Only in Christianity do we find distinct markers of piety and intelligent rationality, mixed together in a great pot-pourri of intellectual and emotional ferment. The organisation and both immaterial and material concerns of monks and nuns is one such marker. A second is the role of the priest as a scientist during the Middle Ages. Few if any cultures can boast one, none can reference both. We take it for granted in our modern world suffused in material wealth, much of it concentrated with the few, saturated as it is with debts both present and future; that everyone throughout history has had the time and leisure to become educated, explore and discover. This is obviously a fiction. ‘Learning’ and naturalist investigation was always the prerogative of the rich and idle.
What is unique in the Western experience is the role of the scientist-priest. Running a church and a parish is a full-time job. It involves the spiritual and religious guidance of the laity, but also, the management of buildings, finances, people, and material affairs. It is in effect, the equivalent of running a business. Seen from this viewpoint there was not much time for idle-intellectual speculation or forays into complicated naturalist endeavours. Yet throughout the Middle Ages, the Catholic Church produced a vast quantity of learned priests who transformed world history through intellectual, social, scientific, mathematical and mechanical innovation.

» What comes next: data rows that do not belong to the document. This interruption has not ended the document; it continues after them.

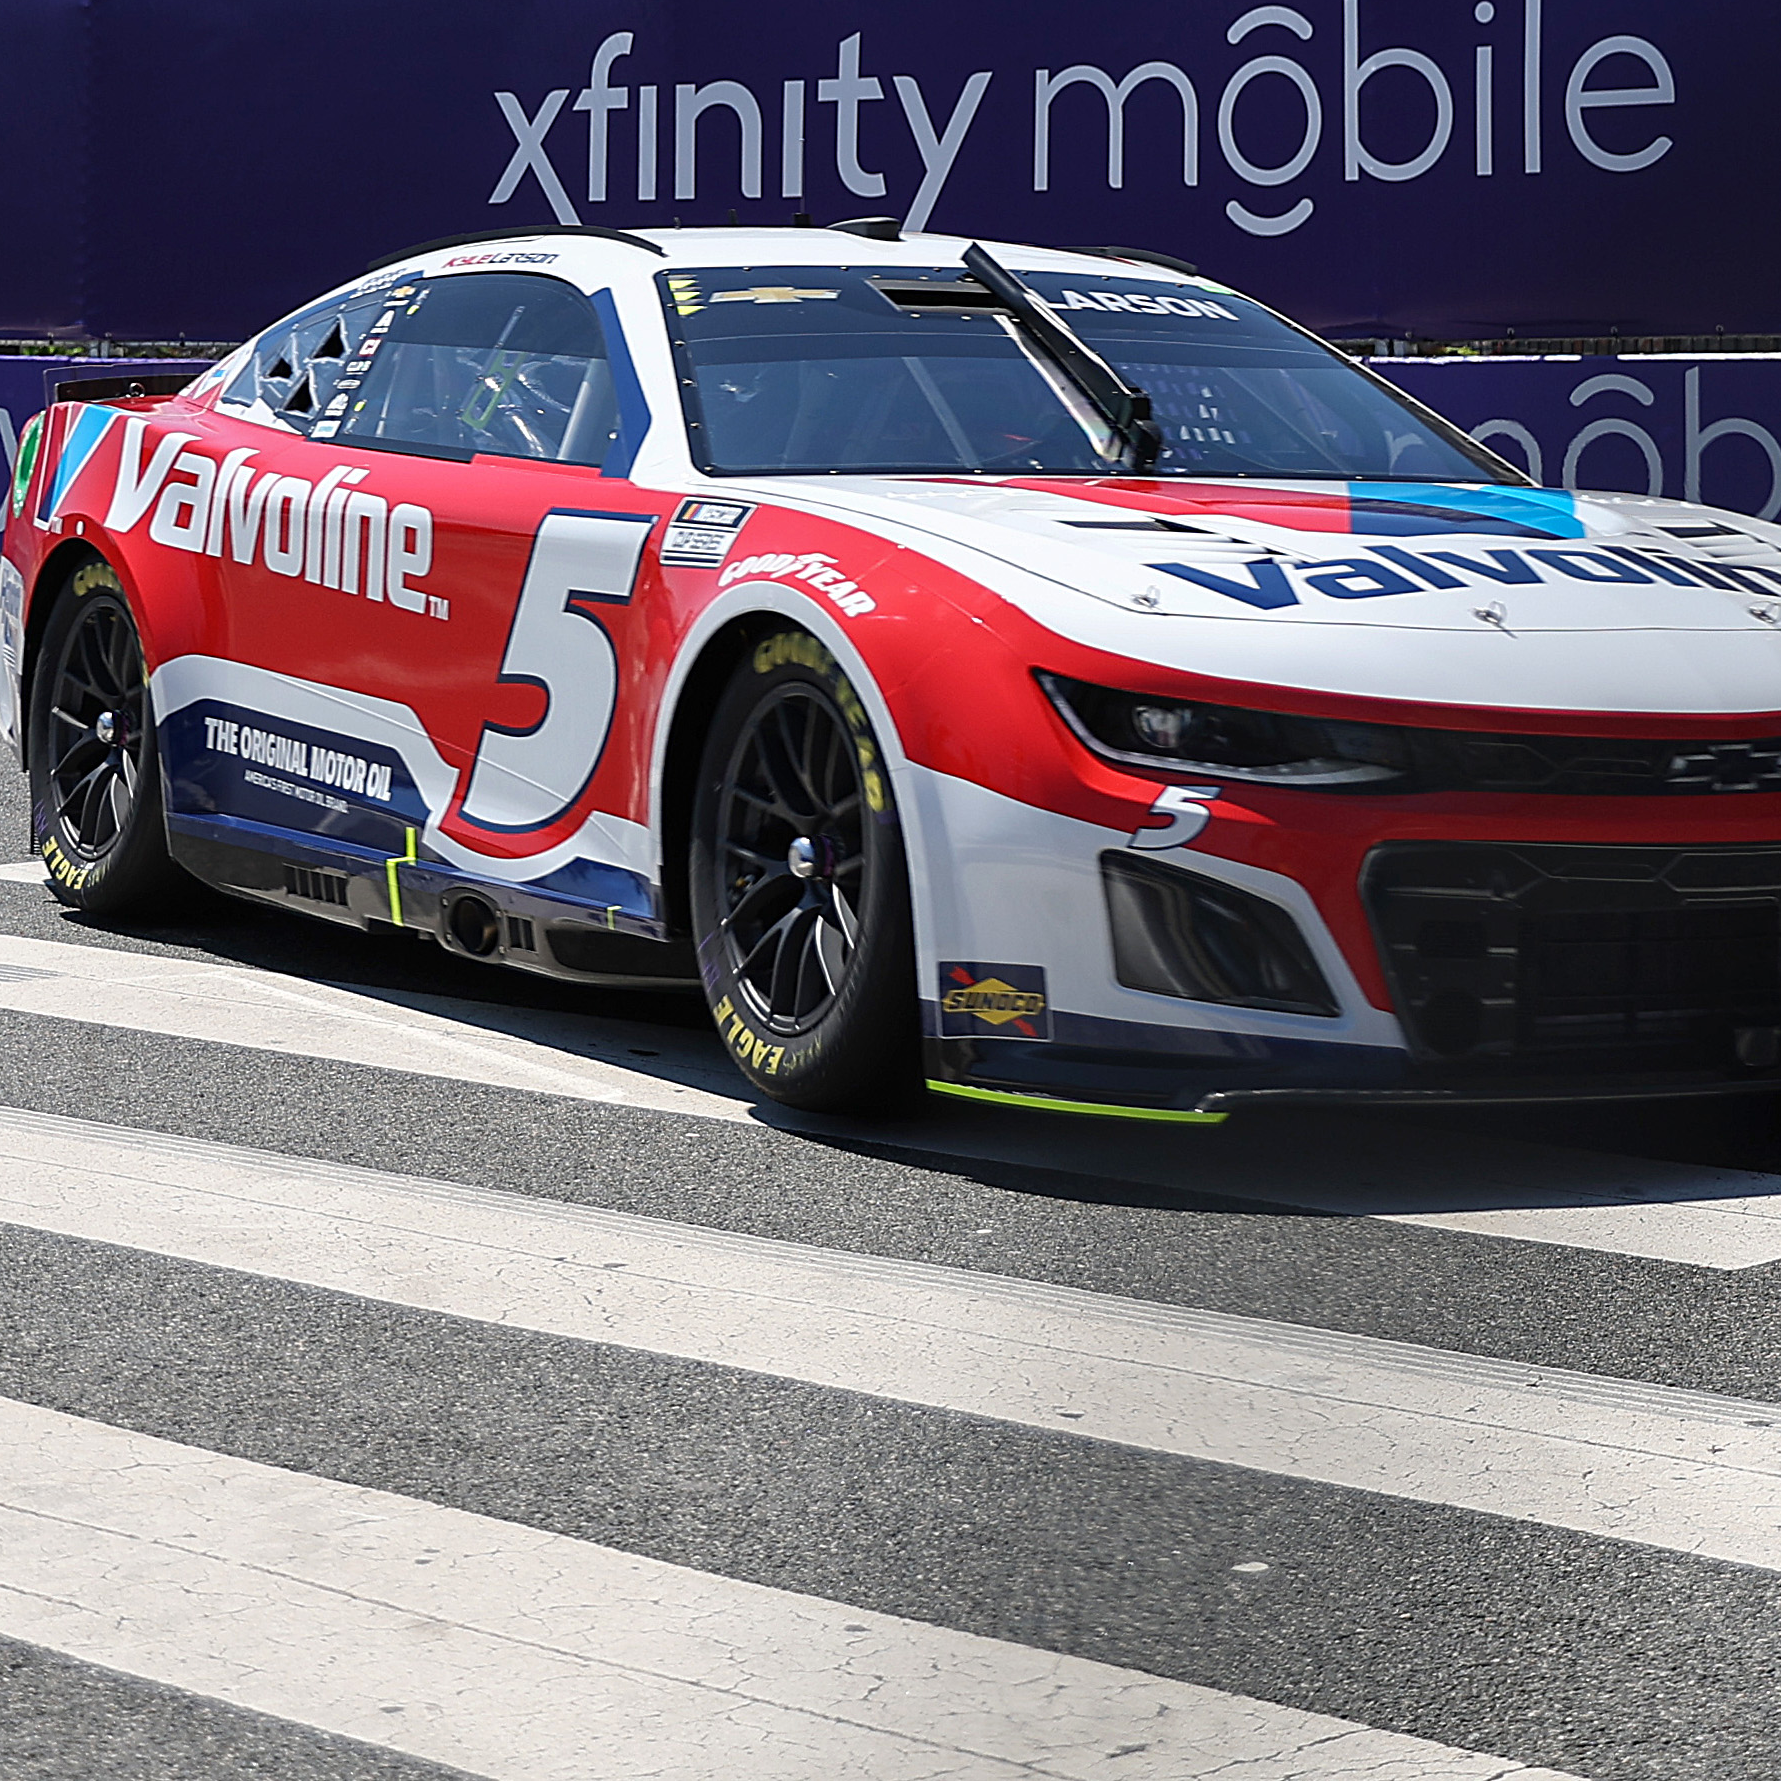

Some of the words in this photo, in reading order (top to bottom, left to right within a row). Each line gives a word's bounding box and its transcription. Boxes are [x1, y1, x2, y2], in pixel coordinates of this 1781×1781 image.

[488, 29, 993, 232] xfinity
[1029, 289, 1240, 321] LARSON
[103, 416, 433, 615] Valvoline
[718, 552, 878, 618] GOODYEAR
[449, 507, 659, 835] 5
[204, 716, 239, 756] THE
[239, 726, 309, 778] ORIGINAL
[309, 745, 368, 795] MOTOR
[366, 762, 393, 802] OIL
[1126, 785, 1224, 851] 5
[41, 834, 89, 891] EAGLE
[712, 993, 786, 1076] EAGLE
[944, 990, 1042, 1015] SUNOCO
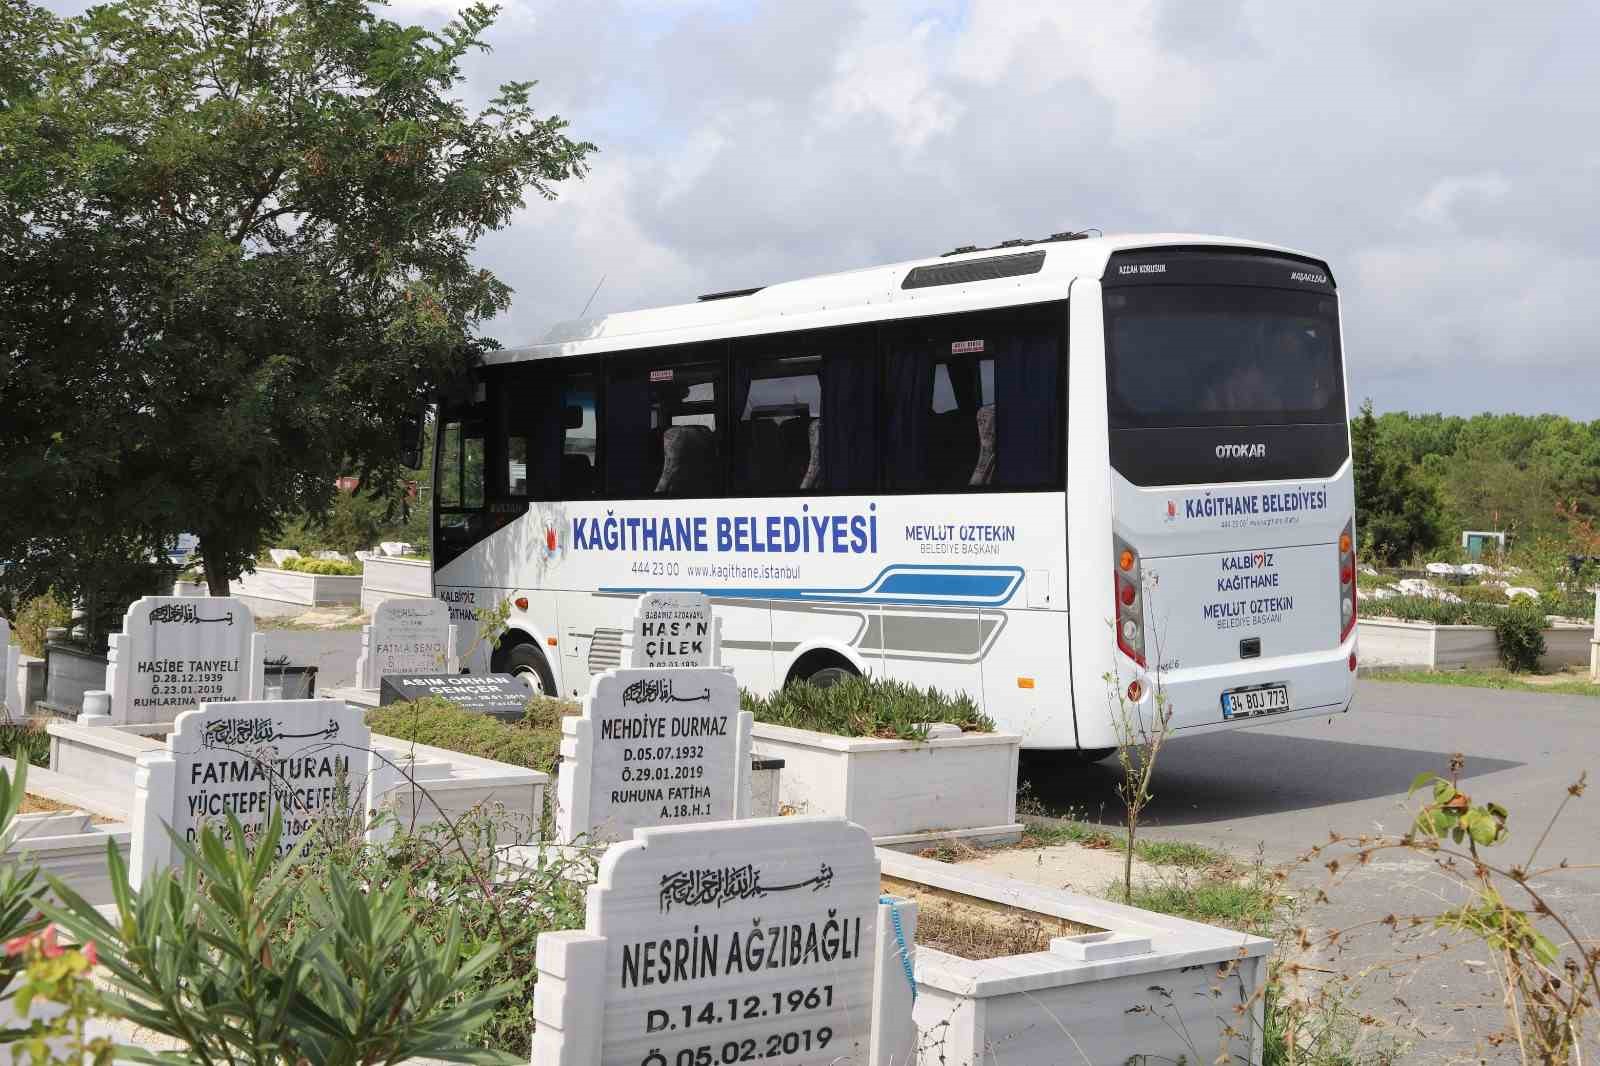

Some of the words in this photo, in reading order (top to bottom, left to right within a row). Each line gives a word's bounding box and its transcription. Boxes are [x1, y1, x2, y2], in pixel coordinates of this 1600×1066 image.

Sadly, much documentation pre-dating the 1200s has been destroyed through arson, war, pillage or natural decomposition. Tonnes of Latin manuscripts also lie unread in various crypts and archives across Europe waiting for translation. What we do know is that the 13th century was a cauldron of sophisticated education and inquiry, surely built on previous centuries of experimentation and effort. Roger Bacon a Franciscan who taught at Oxford, was greatly admired for his work in maths and optics. He developed a scientific method and emphasised the importance of experiment and observation. He identified that long standing customs and popular opinions were too often, obstacles to truth.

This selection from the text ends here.